» What to work on: Apart from the pictures, every entry below should be repeated exactly.

━━━━

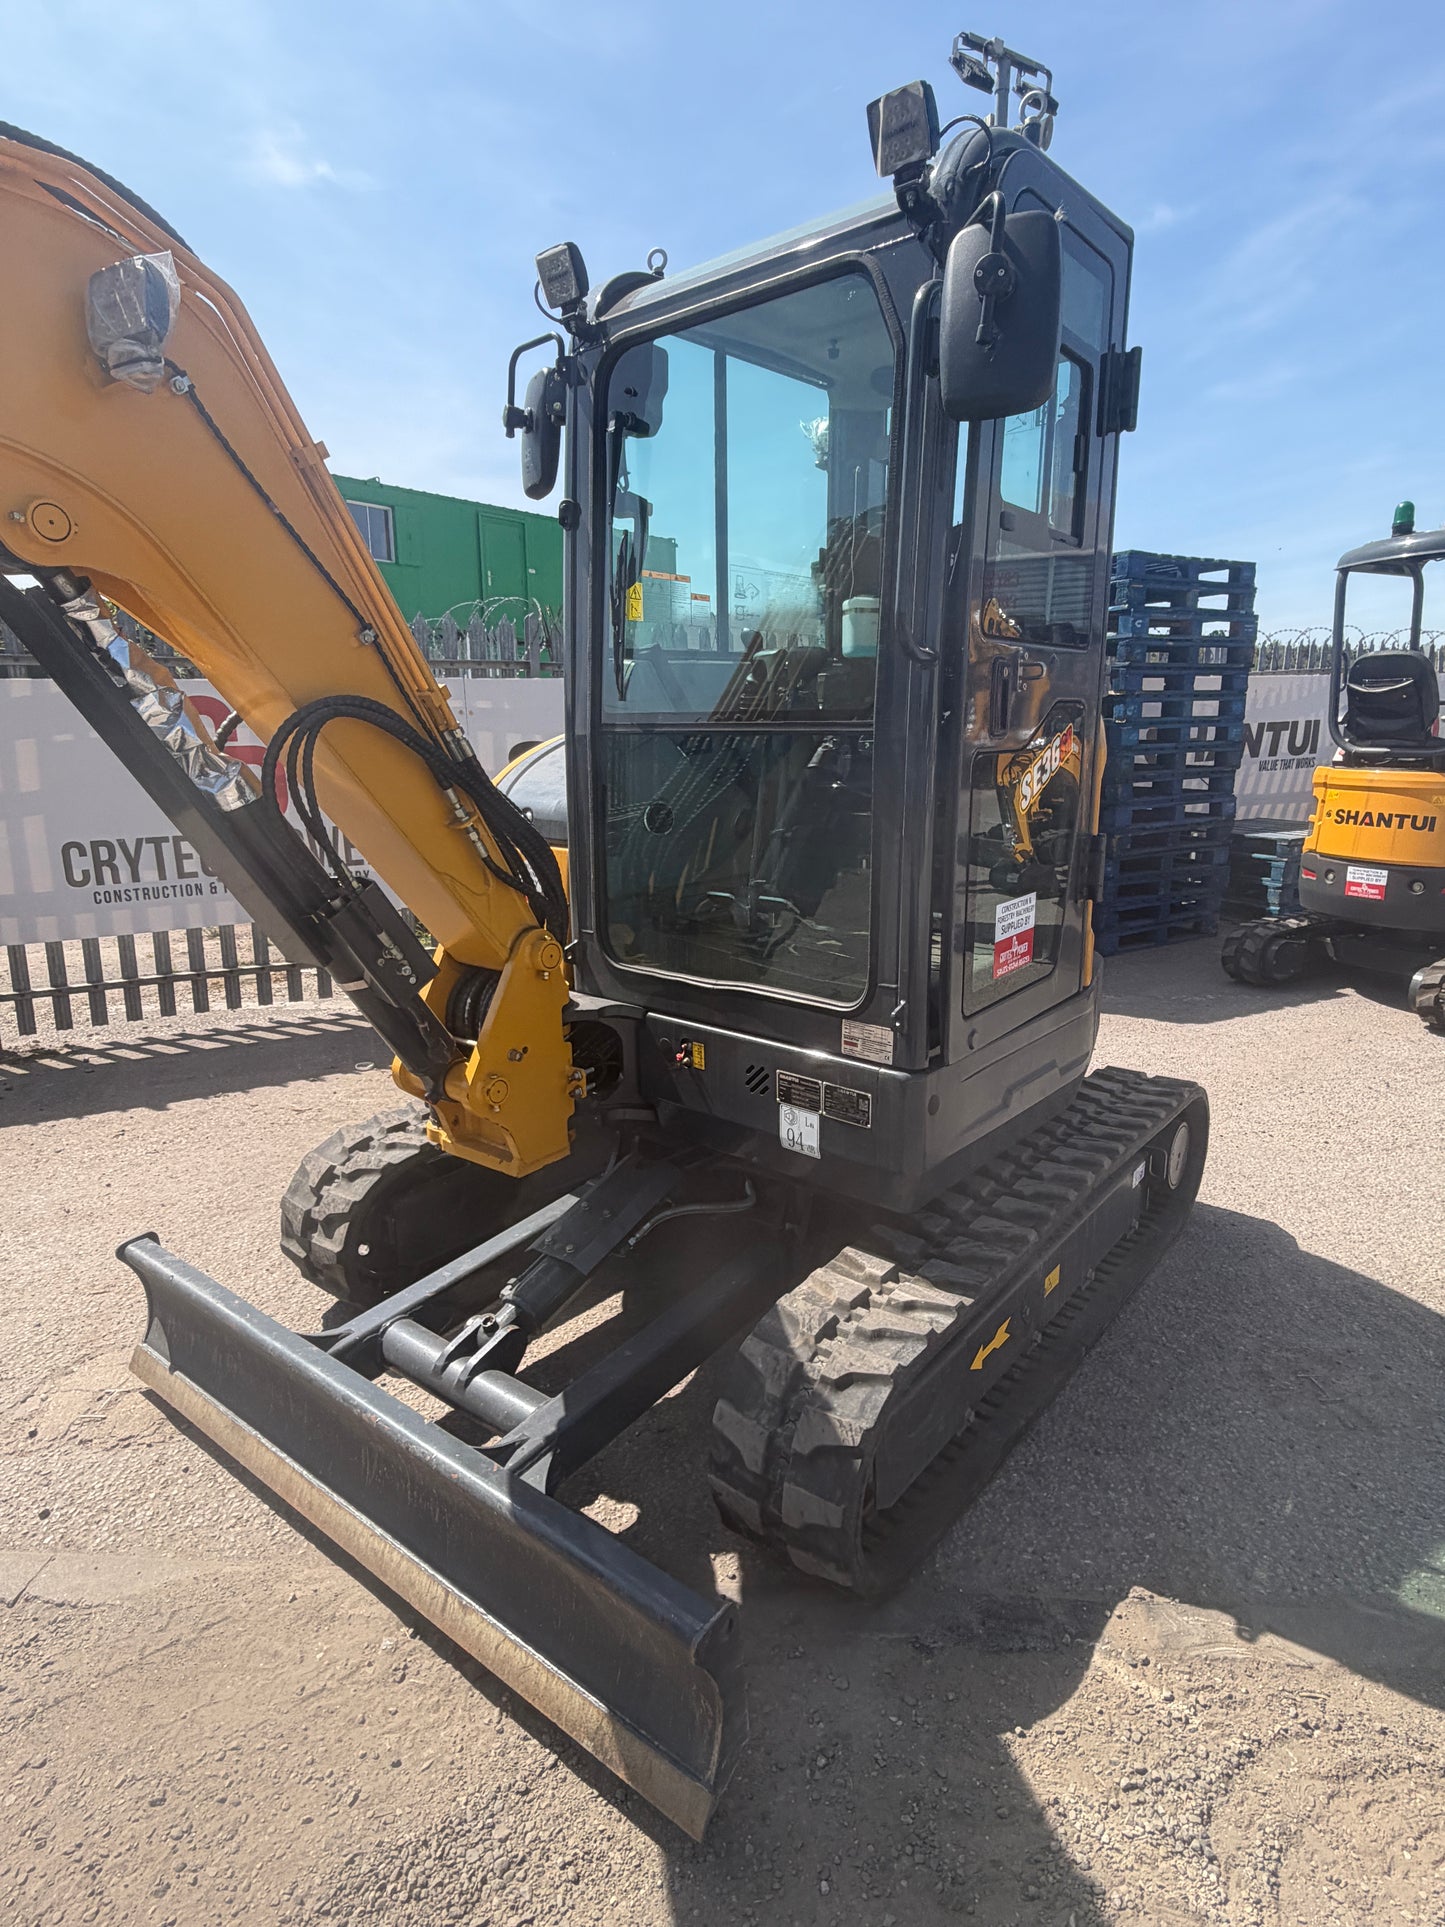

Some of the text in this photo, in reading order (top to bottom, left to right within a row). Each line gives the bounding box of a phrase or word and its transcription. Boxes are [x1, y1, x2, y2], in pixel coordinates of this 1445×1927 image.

[1240, 720, 1321, 758] NTUI
[1259, 757, 1316, 772] VALUE THAT WORKS
[1334, 808, 1437, 832] SHANTUI
[61, 835, 218, 888] CRYTE
[93, 882, 203, 905] CONSTRUCTION
[209, 881, 218, 895] &
[786, 1127, 805, 1152] 94

━━━━

» Expected answer:
Some of the text in this photo, in reading order (top to bottom, left to right within a row). Each line gives the bounding box of a phrase or word and its transcription. Boxes are [x1, y1, x2, y2], in pixel coordinates of this 1445×1927 image.

[1240, 720, 1321, 758] NTUI
[1259, 757, 1316, 772] VALUE THAT WORKS
[1334, 808, 1437, 832] SHANTUI
[61, 835, 218, 888] CRYTE
[93, 882, 203, 905] CONSTRUCTION
[209, 881, 218, 895] &
[786, 1127, 805, 1152] 94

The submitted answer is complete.